Predicted secondary structure of Pls1p. (A) Prediction of Pls1p transmembrane domains. Hydropathy plot using the Kyte and Doolittle algorithm. Bars, putative transmembrane domains (TM1, -2, -3, and -4). (B) Predicted secondary structure of Pls1p. Cysteine-based patterns conserved among tetraspanins are CCG at position 137, CP at position 154, and GC at position 165. Charged amino acids located in transmembrane domains are at positions 13 (D), 61 (N), 94 (N), and 192 (D). Transmembrane domains are indicated as open cylinders. (C) Cysteine-based patterns in ECL2 of Pls1p and animal tetraspanins. The distance between each conserved cysteine-based pattern is given in aa.

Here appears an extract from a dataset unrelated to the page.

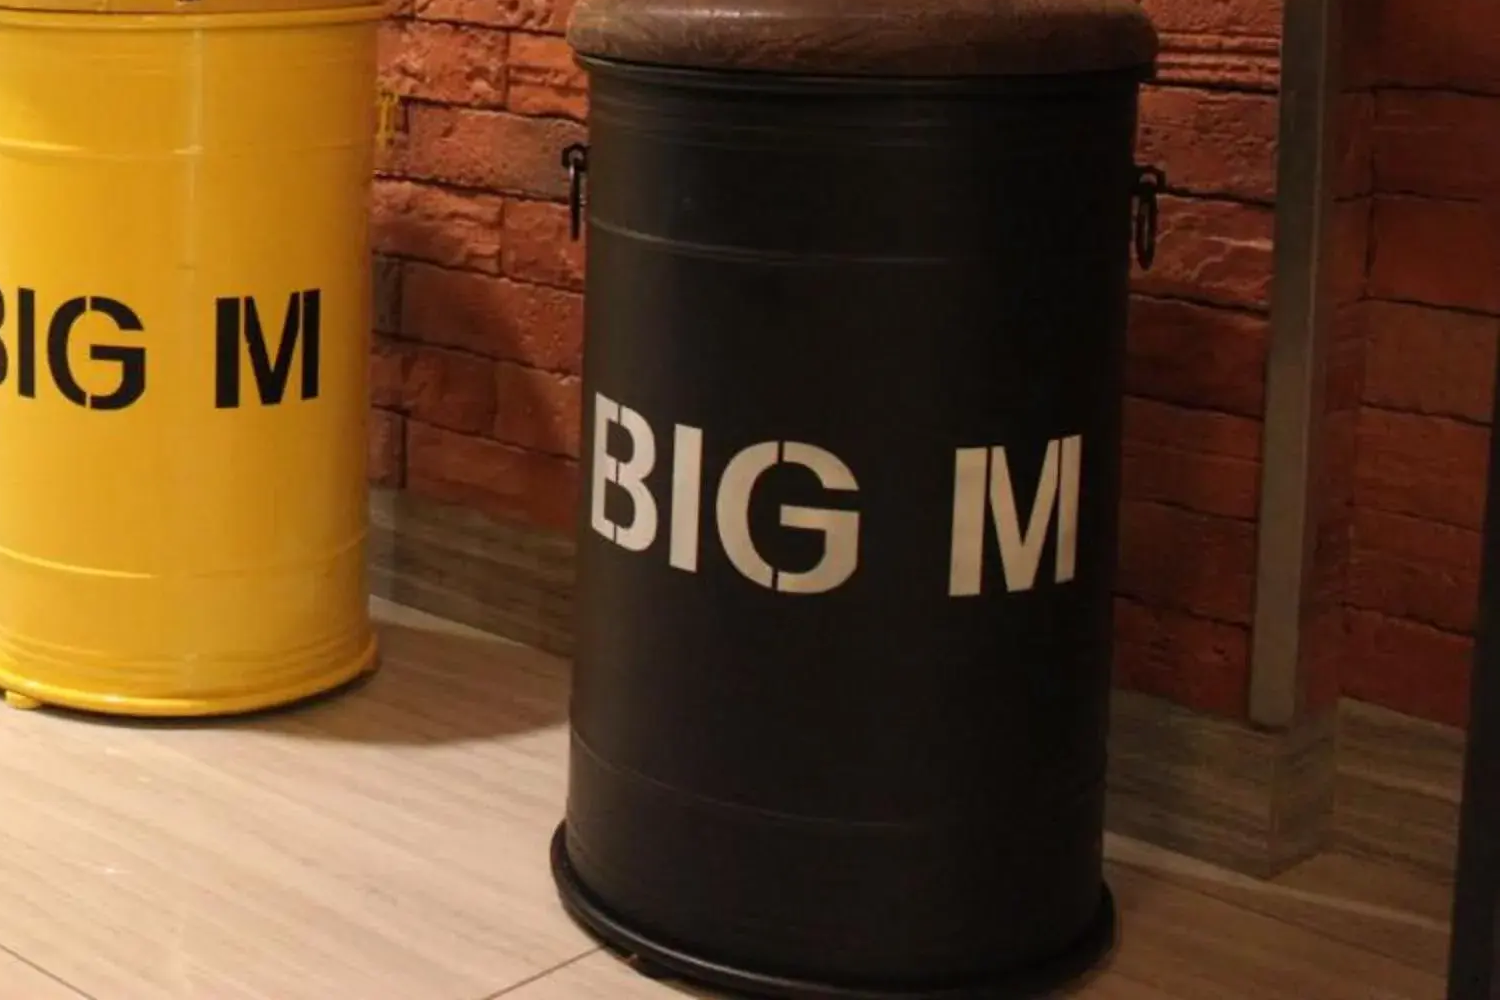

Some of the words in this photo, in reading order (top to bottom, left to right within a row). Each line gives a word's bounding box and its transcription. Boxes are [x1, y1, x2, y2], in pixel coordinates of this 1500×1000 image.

Variations of the XCPK/S pattern in tetraspanins CD9 and CD81 are given under Pls1p pattern.

Figure 5

Expression and localization of Pls1p in the appressorium during infection of barley leaves. A transformant expressing a Pls1p-GFP fusion under the control of the PLS1 promoter and terminator was inoculated to detached barley leaves and observed by confocal laser scanning microscopy. Two classes of appressoria were observed on the leaf surface 12–14 h after inoculation. (A) GFP fluorescence of class I appressorium. (Bar = 4 μm.) A faint fluorescence was detected at the appressorium periphery. (B) Same view as in A under bright light. (C) GFP fluorescence of class II appressorium. A strong fluorescence was detected in vacuoles and a faint fluorescence was detected at the appressorium periphery. (Bar = 4 μm.) (D) Same view as in C under bright light. Most appressoria (80%) observed belonged to class II.